Study Calls for Oversight of Forensics in Crime Labs
Published: February 18, 2009
Crime laboratories around the country are grossly underfunded, lack a scientific foundation and are compromised by critical delays in analyzing physical evidence, according to a broad study of forensic techniques published Wednesday by the National Academy of Sciences, the nation’s premier scientific body.
Skip to next paragraphAmong its many criticisms, the study counted a backlog of 359,000 requests for forensic analysis in 2005, a 24 percent increase in delays since 2002. A survey of crime laboratories found 80 percent of them to be understaffed.
A new federal agency is needed to regulate these laboratories, standardize forensic techniques and pay for research, according to the report, which was financed by Congress in 2005.
The study recommends that an agency, to be called the National Institute of Forensic Science, be created and be independent of the Justice Department, which has traditionally been the nation’s primary forensics research agency. Crime laboratories should be managed separately from police departments to ensure that their findings are protected from bias, the report said.
“The potential for conflicts of interest between the needs of law enforcement and the broader needs of forensic science are too great,” the authors wrote.
The report, the product of a two-year review by the academy, an independent body, is not legally binding. But legislators from both parties have already committed to holding hearings on the study, and officials from all the federal law enforcement agencies are reviewing the document in anticipation of possible policy changes.
“I am troubled by the report’s general finding that far too many forensic disciplines lack the standards necessary to ensure their scientific reliability in court,” said Senator Patrick J. Leahy, Democrat of Vermont and chairman of the Judiciary Committee.

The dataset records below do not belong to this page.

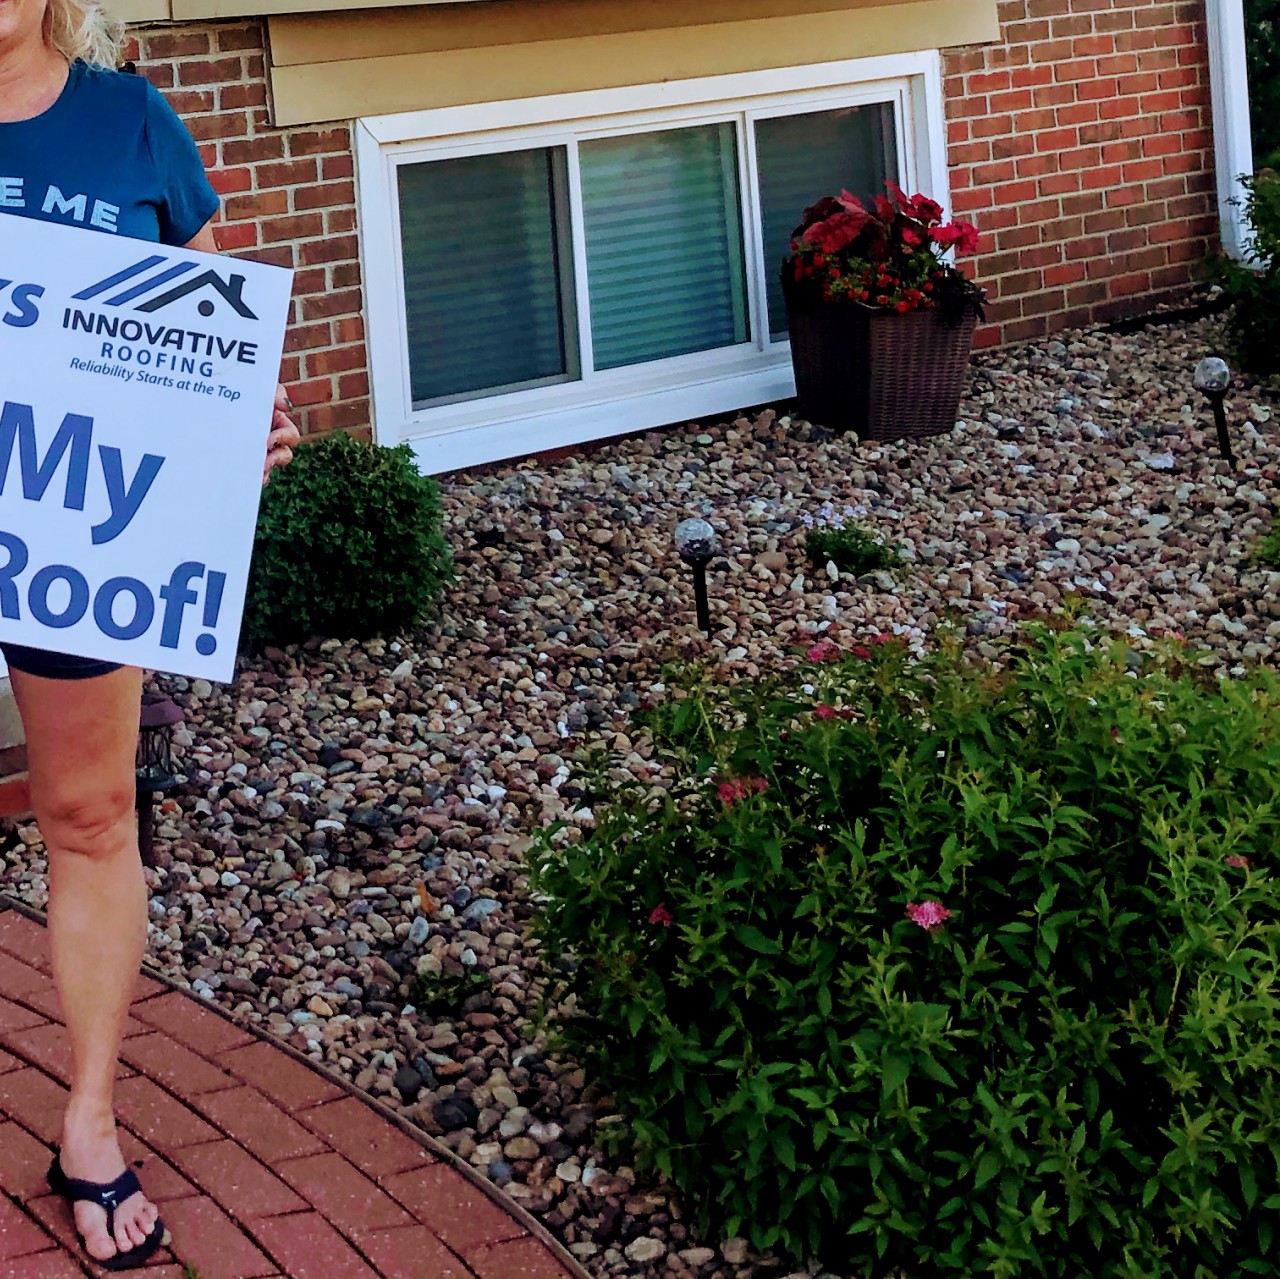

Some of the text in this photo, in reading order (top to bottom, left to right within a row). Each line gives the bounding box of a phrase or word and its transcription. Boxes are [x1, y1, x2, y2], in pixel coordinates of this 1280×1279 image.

[41, 185, 120, 233] ME
[62, 308, 258, 365] INNOVATIVE
[70, 357, 241, 402] Reliability Starts at the Top
[100, 342, 214, 378] ROOFING
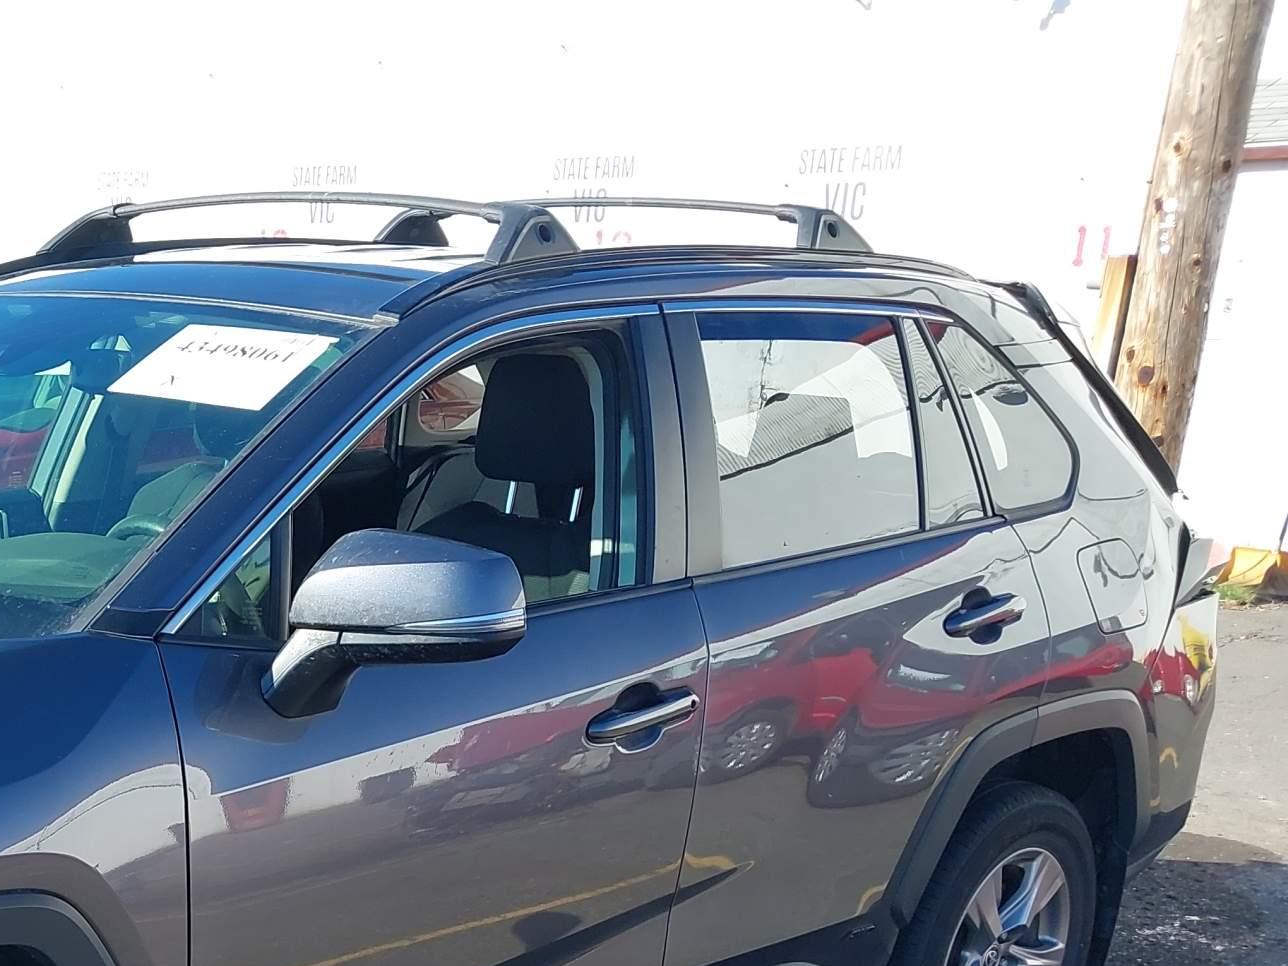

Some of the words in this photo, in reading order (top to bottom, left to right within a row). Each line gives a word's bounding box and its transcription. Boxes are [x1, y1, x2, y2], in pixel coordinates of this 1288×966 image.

Senator Arlen Specter of Pennsylvania, the ranking Republican on the committee, said he was also troubled by the findings.
The report calls into question the scientific merit of virtually every commonly used forensic method, including analysis of fingerprints, hair, fibers, blood spatters, ballistics and arson. Only DNA, which the panel said had benefited from rigorous scientific scrutiny and peer review outside of the forensics discipline, escaped significant criticism.
“The fact is that many forensic tests, such as those used to infer the source of tooth marks and bite marks, have never been exposed to stringent scientific scrutiny,” the report said. The report highlights crime laboratory scandals involving hundreds of tainted cases handled by police agencies in Michigan, Texas and West Virginia, and by the Federal Bureau of Investigation. At least 10 wrongly convicted men have been exonerated as a result of those laboratory investigations, and the cases of hundreds of other people convicted with the help of those facilities are under review.
The panel also found that most of the nation is served by death investigation offices that lack accreditation. It cited an 18-year-old high school student in Indiana who was recently elected deputy coroner after a short training course.
The academy said that in addition, judges and lawyers generally lacked the scientific expertise necessary to “comprehend and evaluate forensic evidence in an informed manner.”
Attorney General Eric H. Holder Jr. said his office would be reviewing the report over the next several days.
“We have the potential to solve a lot of crimes, to find people who are guilty and to absolve a lot of people who are not through the use of these great forensic techniques,” Mr. Holder said.
Justice Department officials declined to comment on specific recommendations, including the establishment of a National Institute of Forensic Science.